PROVIDED RECORDS:

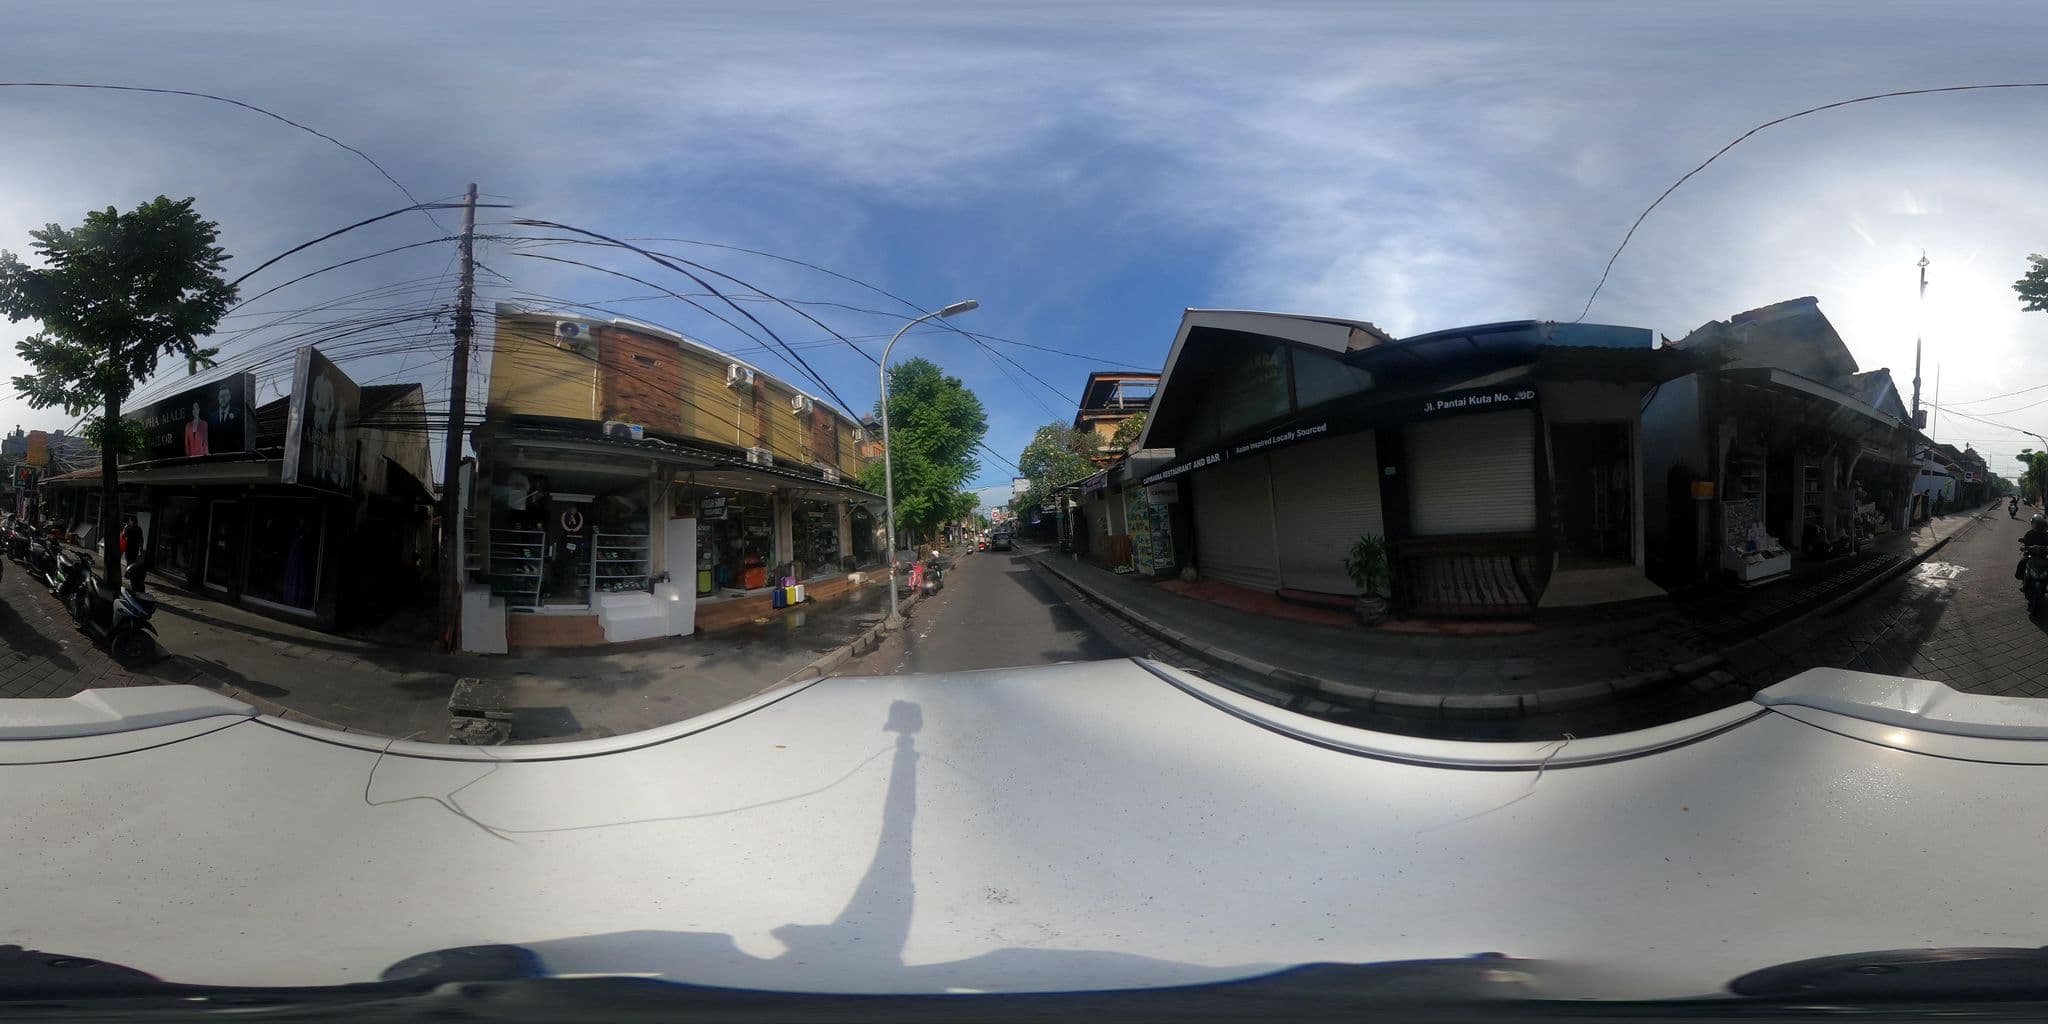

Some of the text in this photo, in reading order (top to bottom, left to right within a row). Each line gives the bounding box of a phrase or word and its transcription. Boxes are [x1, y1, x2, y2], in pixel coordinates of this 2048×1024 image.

[1424, 402, 1435, 412] Jl.
[1437, 397, 1466, 409] Pantai
[1468, 395, 1492, 406] Kuta
[1494, 393, 1511, 402] No.
[1272, 431, 1296, 445] Locally
[1296, 422, 1327, 438] Sourced
[1162, 461, 1193, 479] RESTAURANT
[1193, 457, 1206, 470] AND
[1206, 452, 1221, 466] BAR
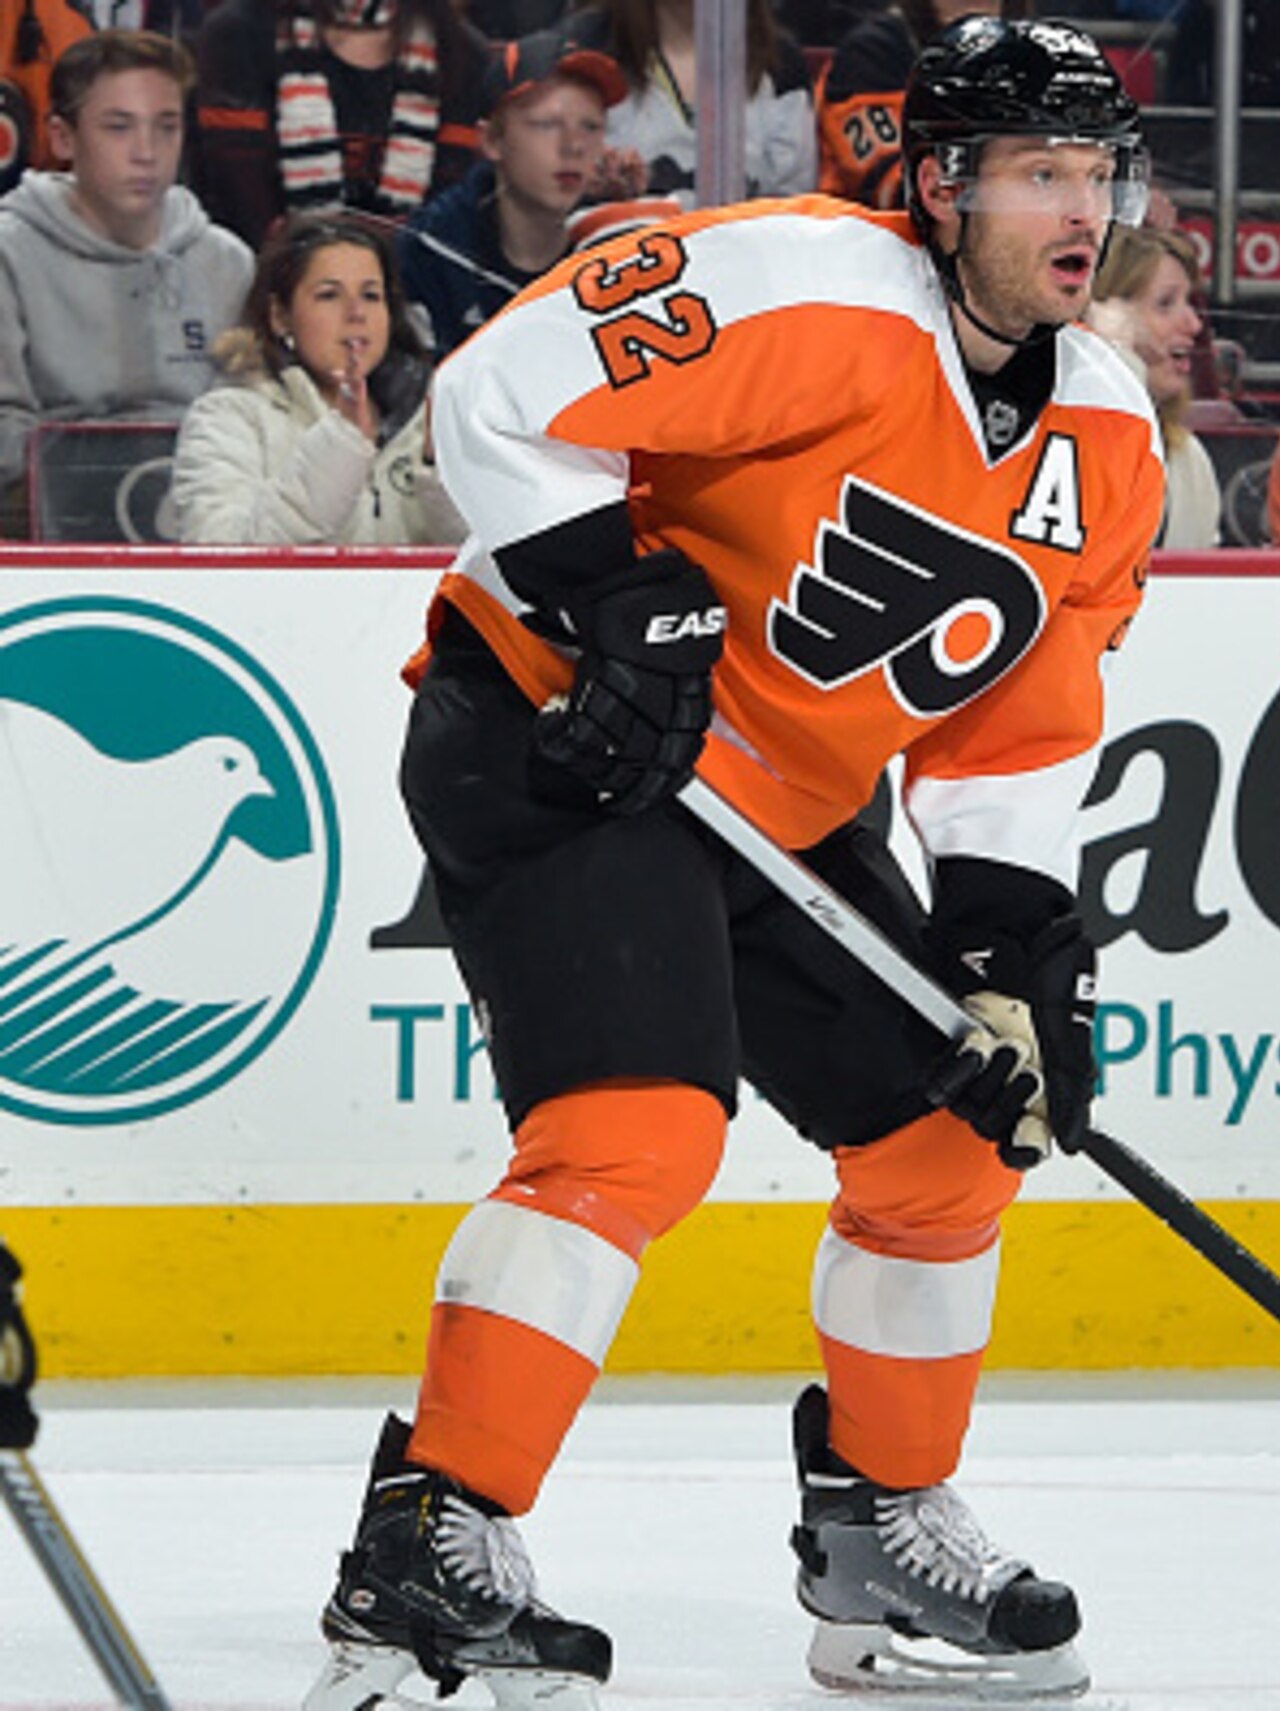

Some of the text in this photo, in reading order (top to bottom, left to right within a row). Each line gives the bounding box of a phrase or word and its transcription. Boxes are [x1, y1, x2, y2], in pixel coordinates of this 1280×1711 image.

[842, 105, 898, 161] 28
[573, 232, 717, 391] 32
[1009, 431, 1087, 556] A

PROBLEM DETAILS: What are the lines from the one with "this 1280×1711 image." through the last line of the records above? Quote them exactly and add nothing.

YOUR SOLUTION:
Some of the text in this photo, in reading order (top to bottom, left to right within a row). Each line gives the bounding box of a phrase or word and its transcription. Boxes are [x1, y1, x2, y2], in pixel coordinates of this 1280×1711 image.

[842, 105, 898, 161] 28
[573, 232, 717, 391] 32
[1009, 431, 1087, 556] A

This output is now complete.